Lemony Snicket- Daniel Handler is the author of several children’s books. He and his editor thought that A Series of Unfortunate Events should be published under the narrator’s name, rather than his.

Pablo Neruda – Ricardo Neftalí Reyes Basoalto’s poetry was published when he was thirteen. Ricardo’s father actively opposed his son’s interest in writing and literature, so Ricardo chose to use a pen name to mislead his father. Pablo was inspired by Paul Verlaine and Neruda for Jan Neruda, both writers. Eventually he legally changed is name.

Acton, Currer, and Ellis Bell – Anne, Charlotte and Emily Brontë first published as the Bell brothers, afraid that their work would be judged differently if people knew it was written by women. I didn’t realize that Wuthering Heights and Jane Eyre were first published under pen names.

Ayn Rand – Alisa Zinov’yevna Rosenbaum’s pen name is definitely easier to pronounce. She chose the name. I can’t find any definite stories, but it’s possible that Rand is a Cyrillic contraction of her birth surname, and Ayn comes from either a Finnish name or from the Hebrew word עין (ayin, meaning “eye”).

Erin Hunter – Three women actually write the Warriors series: Kate Cary, Cherith Baldry, and Victoria Holmes. One of them is Amber’s favorite, but I can’t remember which.

What would your pen name be?


  1. When I was young, I HATED my name because no one could pronounce or spell it. But now that I’m trying to build a platform, I really appreciate that my name is unusual (although I’ve been hearing/seeing more and more Jocelyns out there in the last few years).

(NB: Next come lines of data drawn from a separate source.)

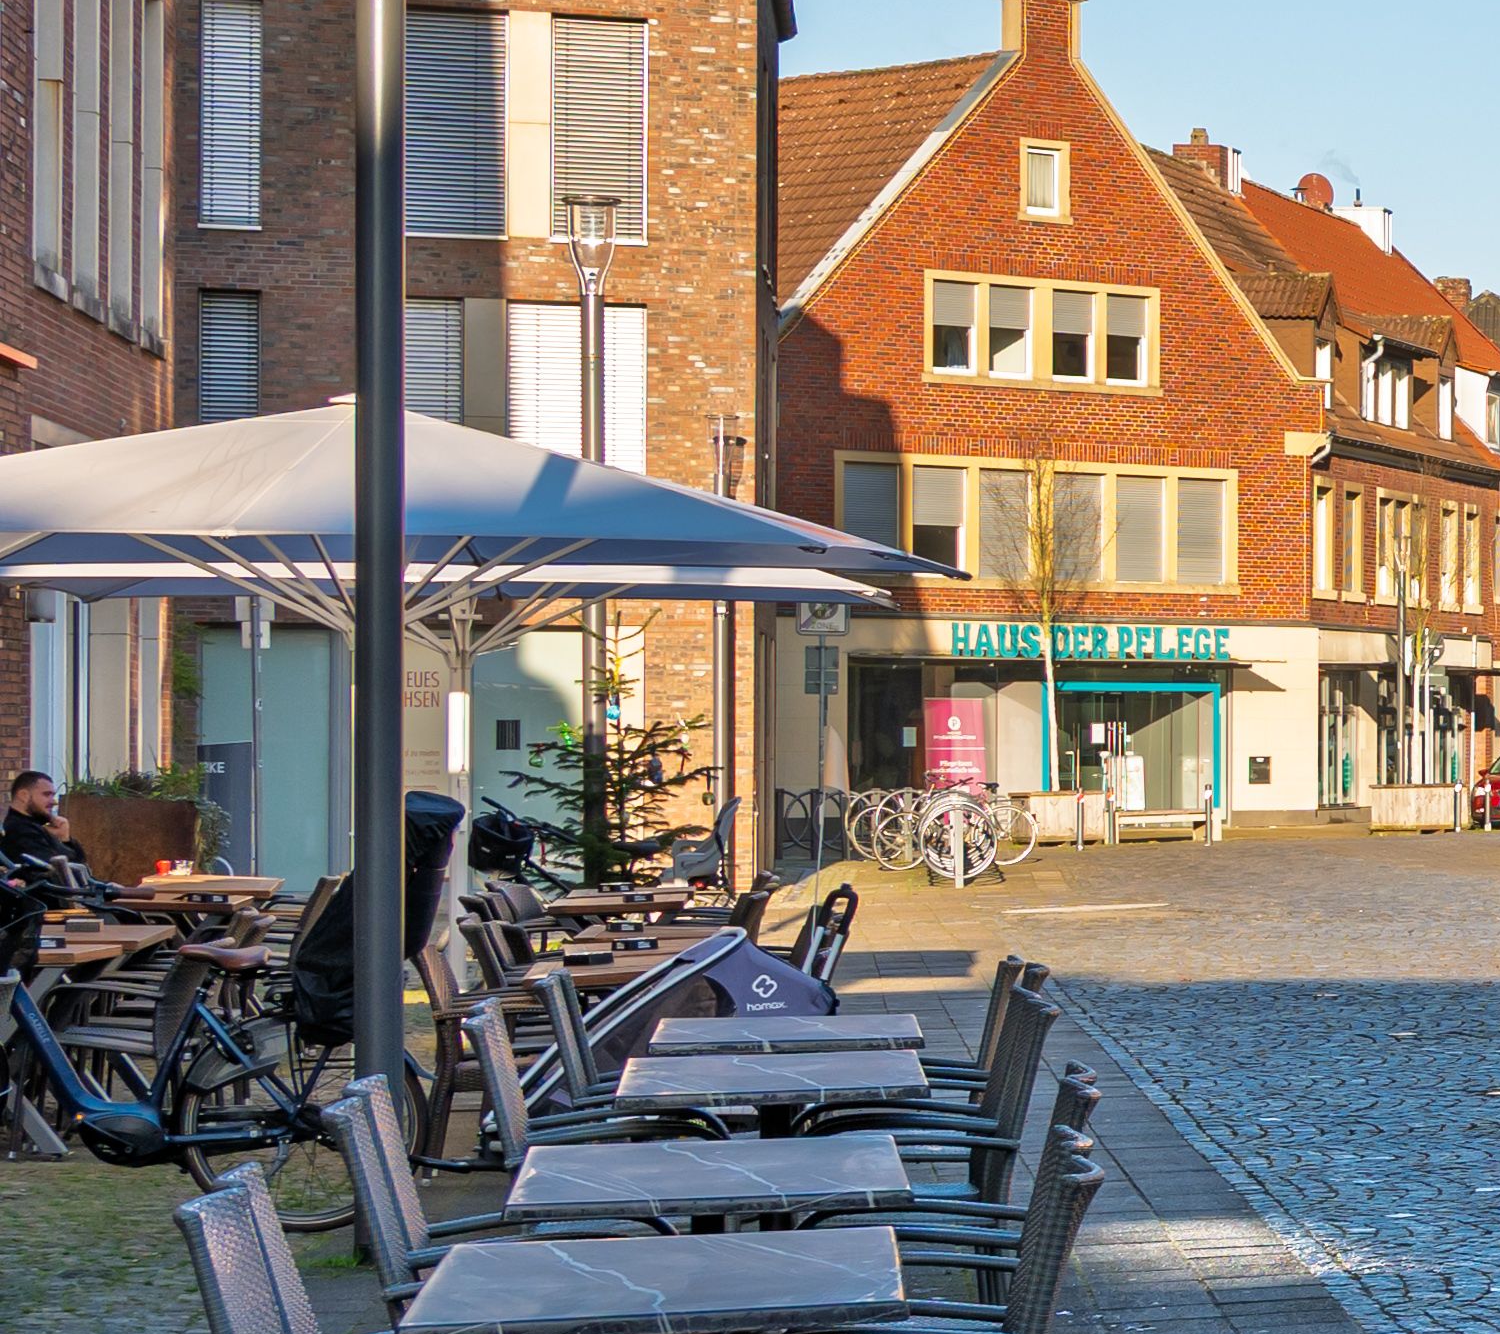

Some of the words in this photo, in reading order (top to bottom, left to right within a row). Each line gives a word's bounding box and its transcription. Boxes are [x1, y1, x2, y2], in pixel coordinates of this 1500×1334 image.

[951, 622, 1041, 658] HAUS
[1050, 624, 1109, 659] DER
[1117, 626, 1231, 660] PFLEGE
[406, 671, 439, 687] EUES
[404, 691, 439, 707] HSEN
[746, 1001, 786, 1011] hamax
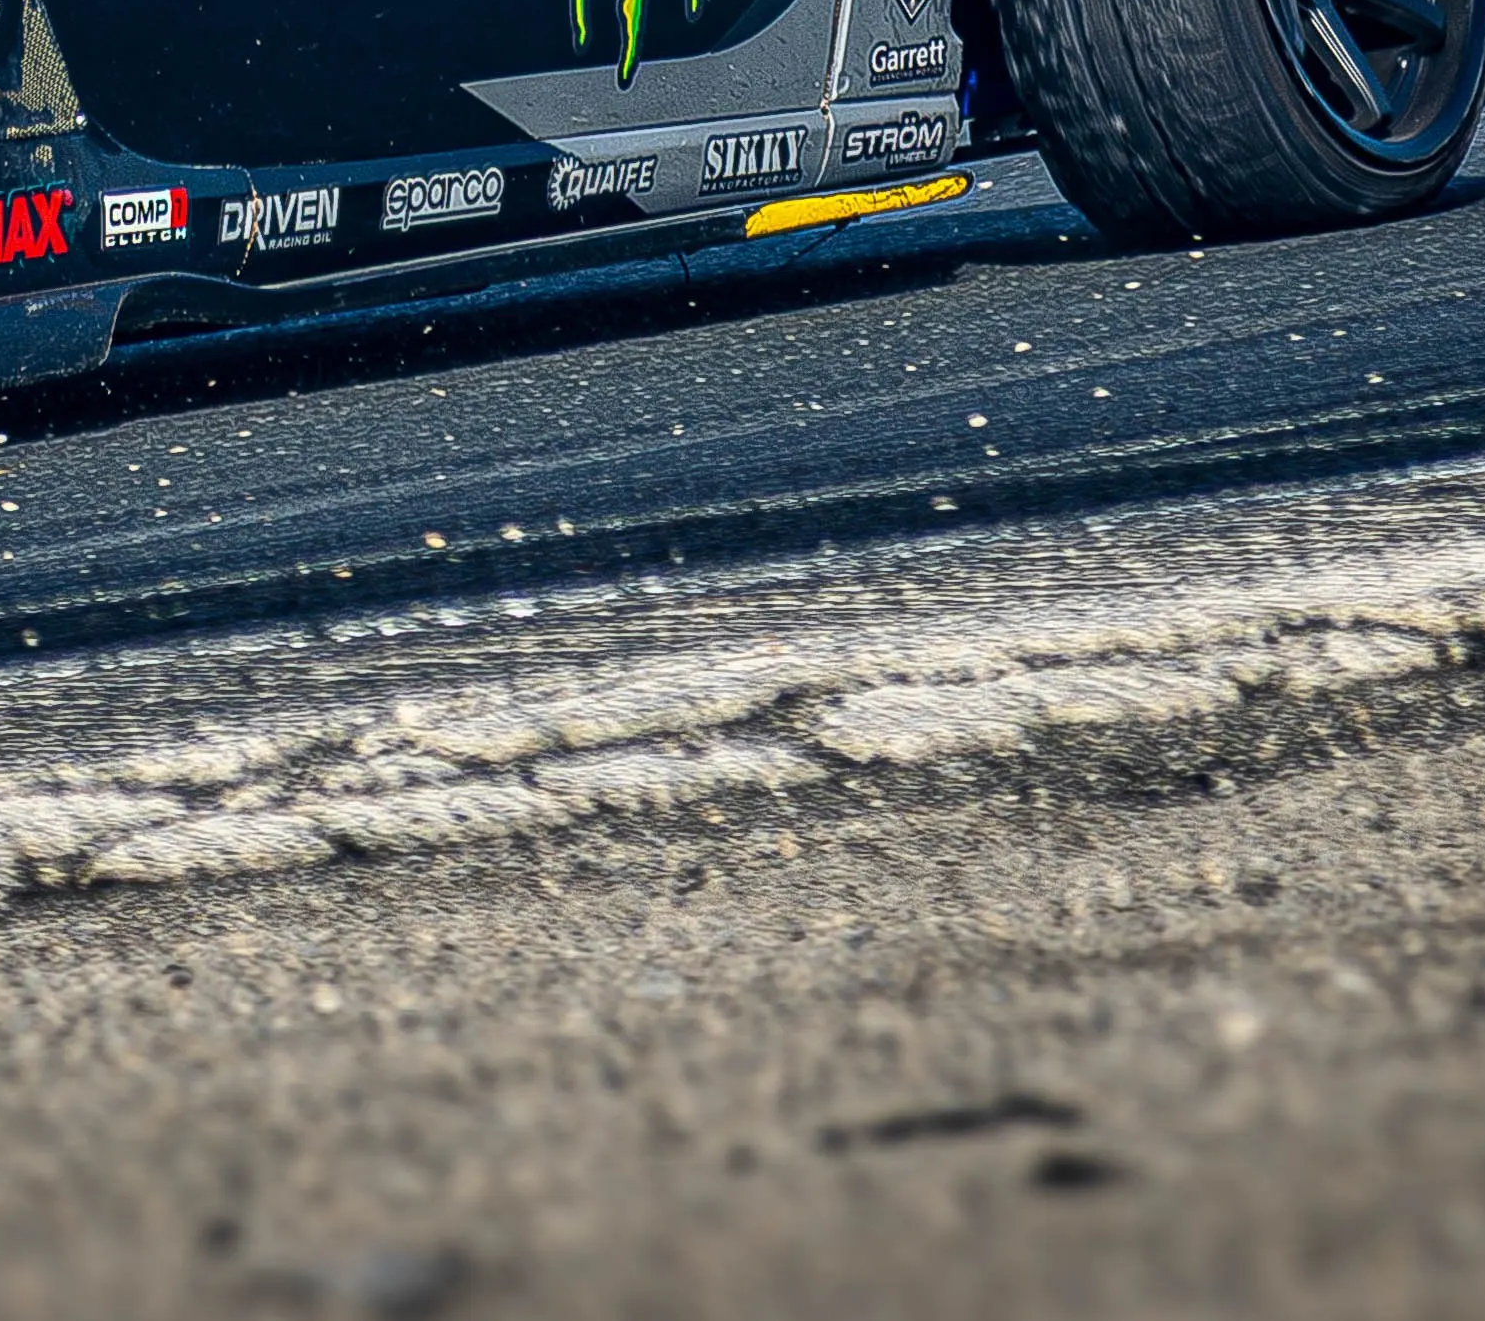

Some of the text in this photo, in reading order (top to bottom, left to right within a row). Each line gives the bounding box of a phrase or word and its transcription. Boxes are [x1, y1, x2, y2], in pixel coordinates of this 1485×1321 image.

[871, 39, 946, 72] Garrett
[703, 129, 807, 181] SIKKY
[386, 168, 503, 224] sparco
[106, 227, 187, 247] CLUTCH
[222, 188, 339, 250] DRIVEN
[268, 230, 332, 250] RACING OIL
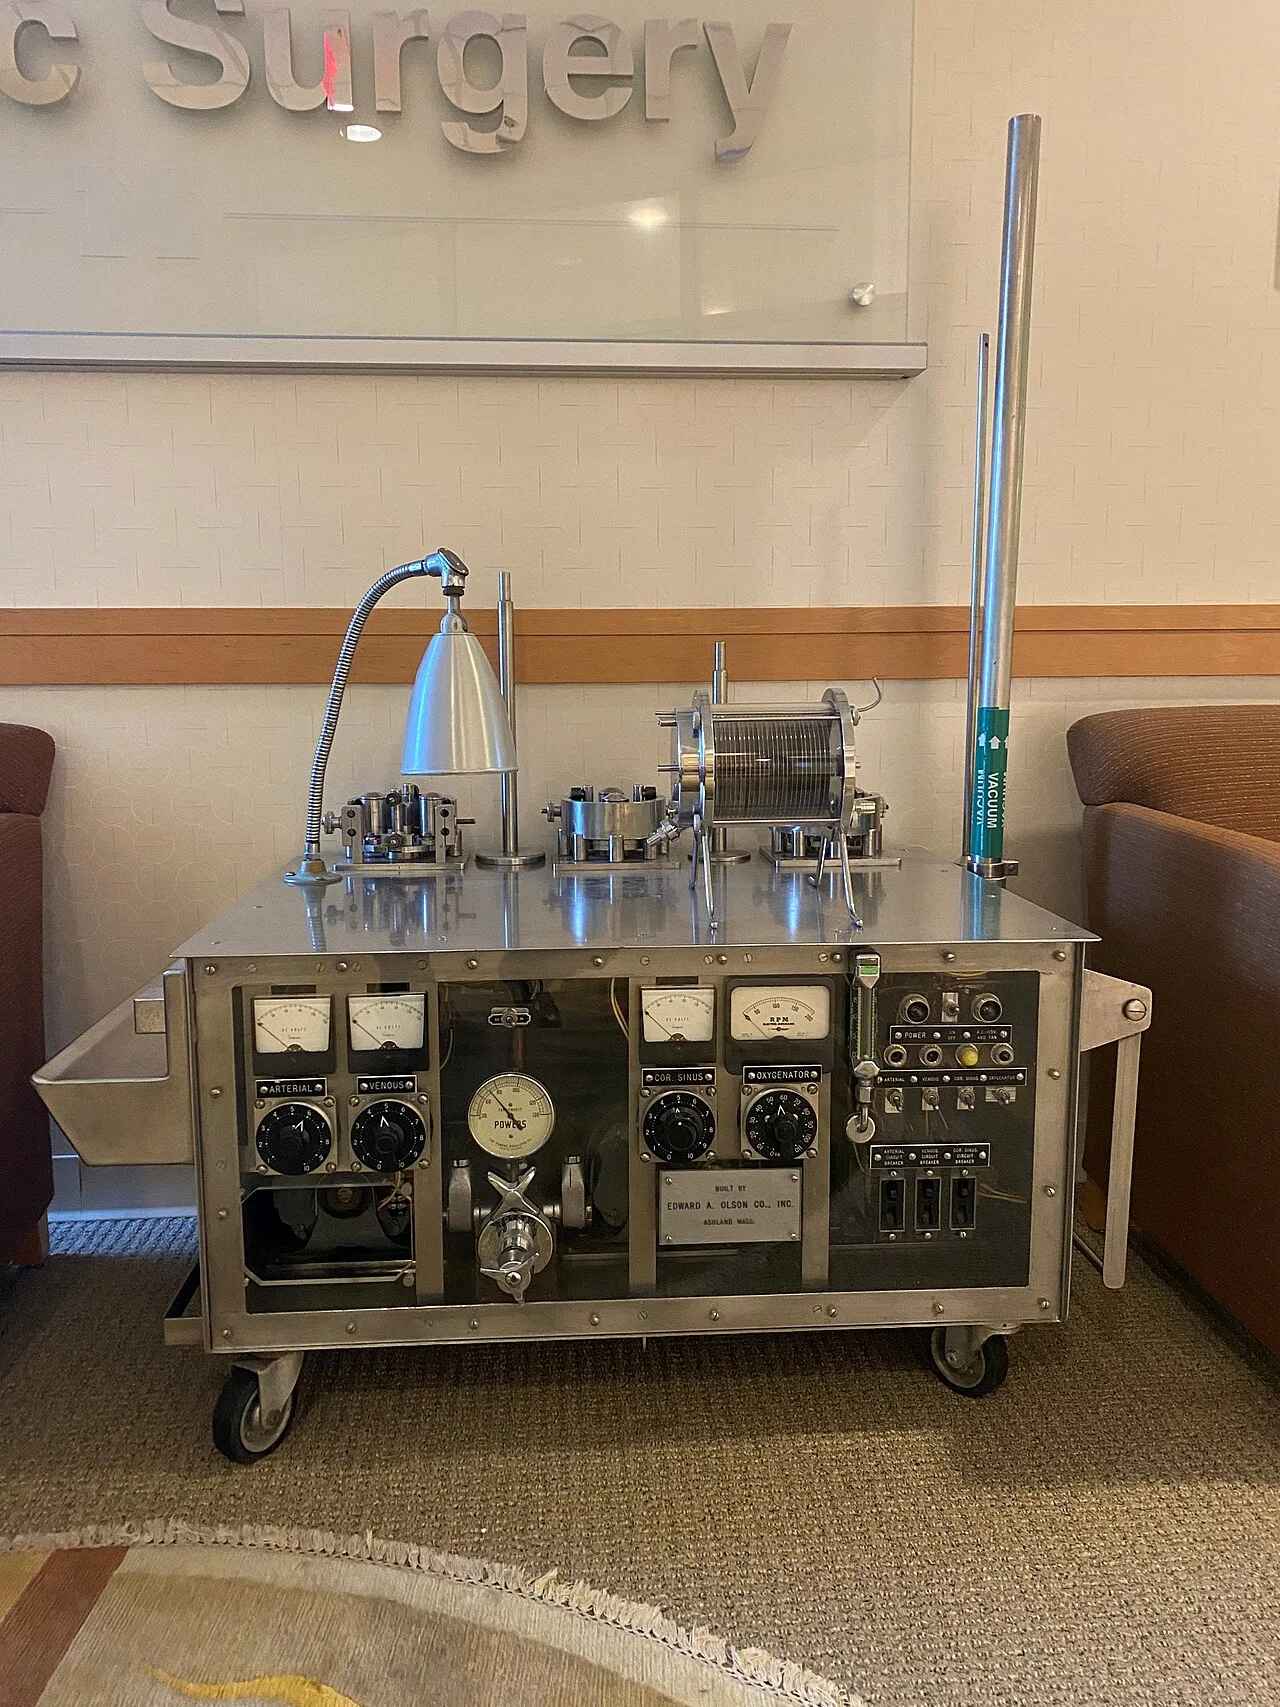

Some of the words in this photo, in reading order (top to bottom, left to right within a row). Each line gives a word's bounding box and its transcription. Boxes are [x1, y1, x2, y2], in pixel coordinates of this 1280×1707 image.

[141, 0, 792, 163] Surgery
[987, 772, 999, 828] VACUUM
[655, 1074, 674, 1082] COR.
[678, 1073, 703, 1081] SINUS
[757, 1071, 809, 1079] OXYGENATOR
[269, 1085, 312, 1093] ARTERIAL
[369, 1081, 404, 1089] VENOUS
[668, 1202, 701, 1210] EDWARD
[721, 1201, 748, 1209] OLSON
[777, 1200, 793, 1208] INC.
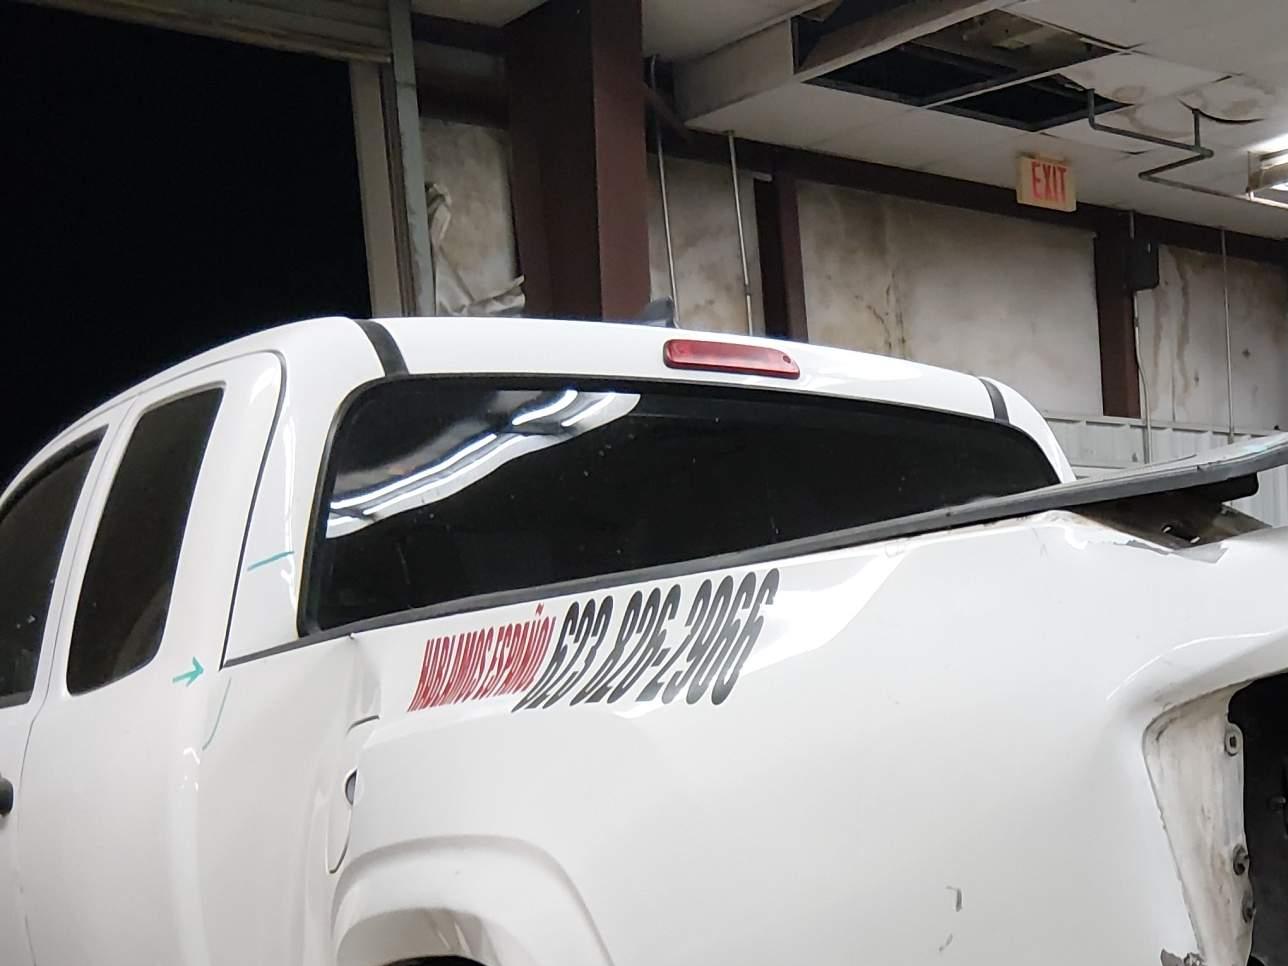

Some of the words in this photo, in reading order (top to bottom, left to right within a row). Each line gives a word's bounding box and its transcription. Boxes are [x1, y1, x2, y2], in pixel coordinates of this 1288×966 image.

[1031, 160, 1067, 204] EXIT
[407, 626, 495, 712] HABLAMOS
[511, 595, 614, 713] 623
[569, 567, 780, 706] 826-2966

    If I ever use a pen name, I’ll go with the “soap opera name game” of first pet’s name + name of street you grew up on, which would make me Morgan Westminster.

  2. In my high school class of 110, there were 3 Stacy’s, but we ech spelled our names differently (ci, cey, and cy). I always wanted a prettier name and remember loving Michelle way back when. When I publish a book 🙂 I’ll probably use my real name.